Give back every entry exactly; drop the pictures.

═════ Recorded data

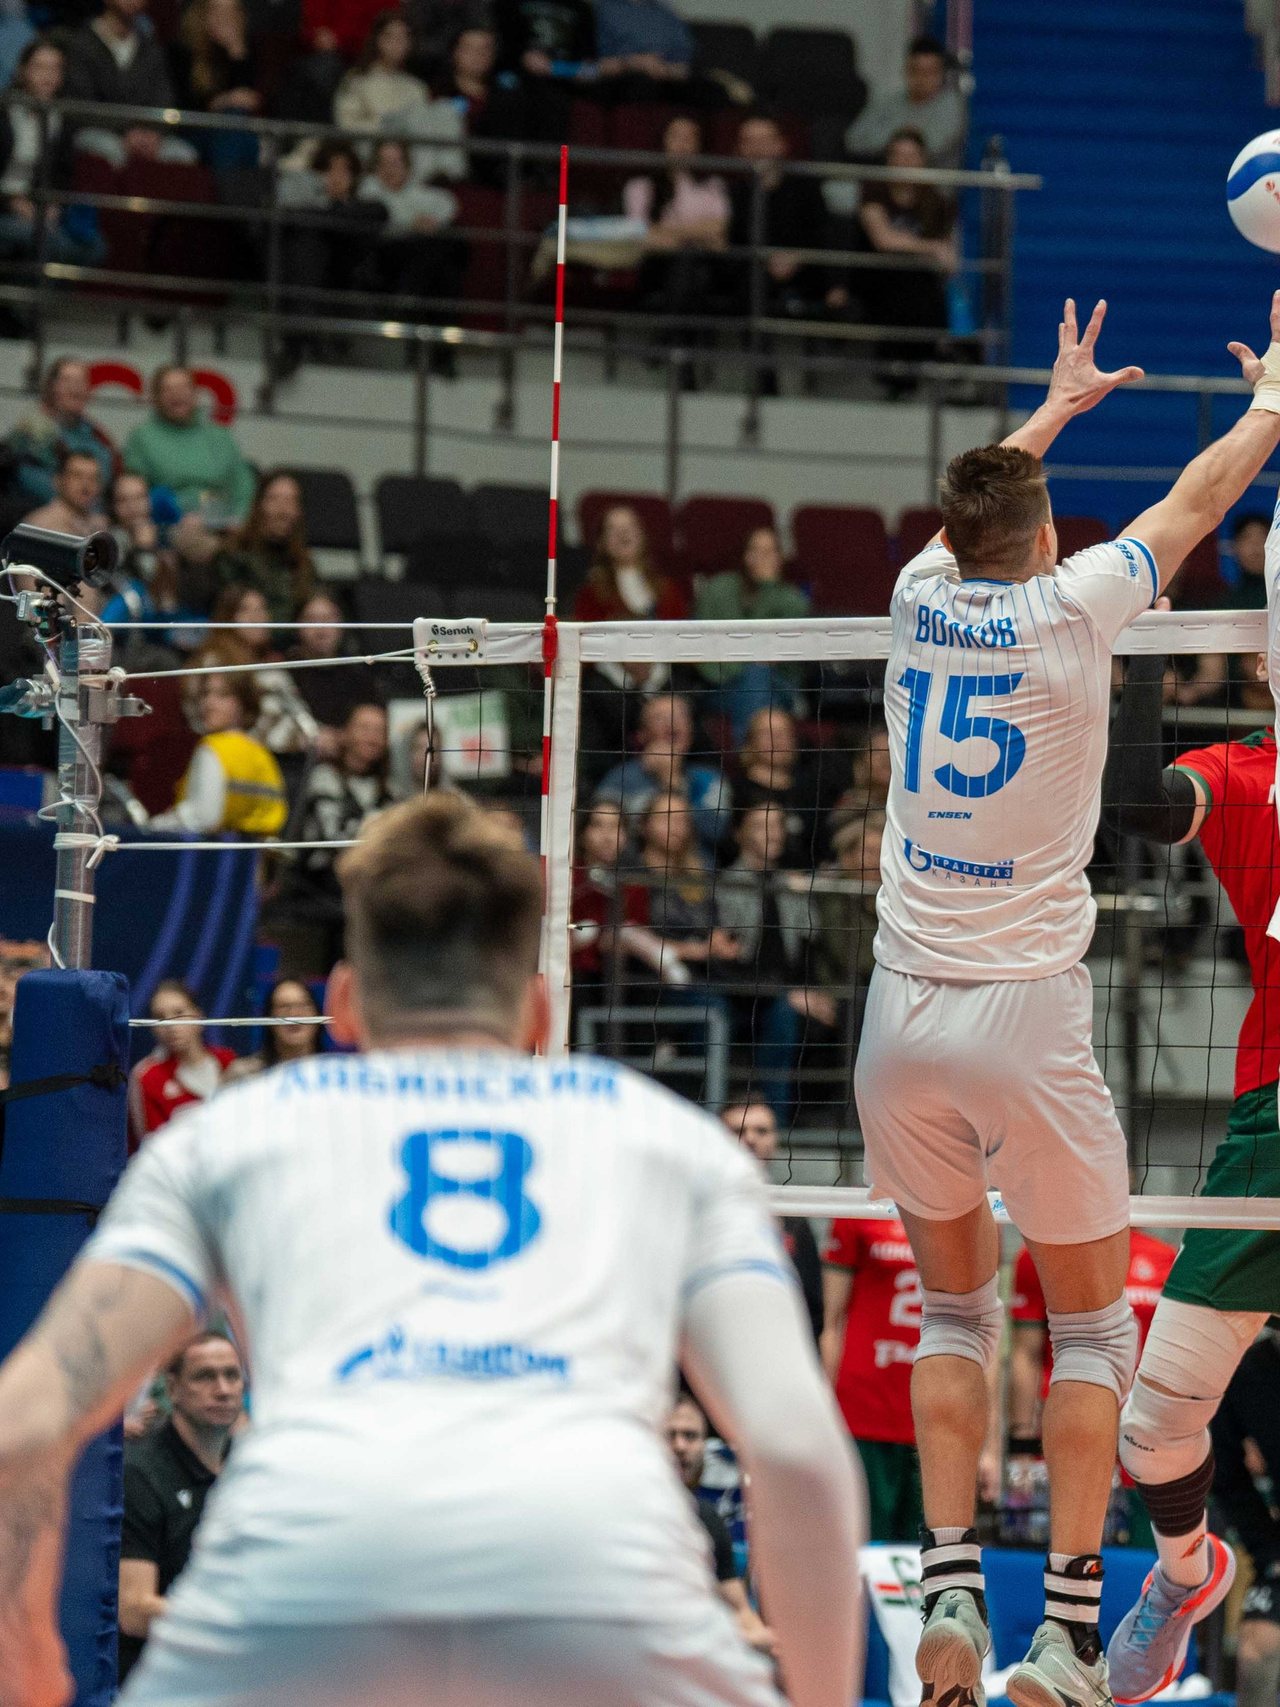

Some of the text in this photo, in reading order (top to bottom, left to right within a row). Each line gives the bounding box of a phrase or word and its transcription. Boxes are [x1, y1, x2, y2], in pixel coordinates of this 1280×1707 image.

[439, 625, 474, 636] Senoh
[915, 604, 1017, 649] ВОЛКОВ
[897, 667, 1026, 798] 15
[927, 811, 973, 820] ENSEN
[934, 856, 1012, 877] ТРАНСГАЗ
[931, 868, 1013, 888] КАЗАНЬ
[387, 1128, 543, 1271] 8

══════════

- _Task response_
Some of the text in this photo, in reading order (top to bottom, left to right within a row). Each line gives the bounding box of a phrase or word and its transcription. Boxes are [x1, y1, x2, y2], in pixel coordinates of this 1280×1707 image.

[439, 625, 474, 636] Senoh
[915, 604, 1017, 649] ВОЛКОВ
[897, 667, 1026, 798] 15
[927, 811, 973, 820] ENSEN
[934, 856, 1012, 877] ТРАНСГАЗ
[931, 868, 1013, 888] КАЗАНЬ
[387, 1128, 543, 1271] 8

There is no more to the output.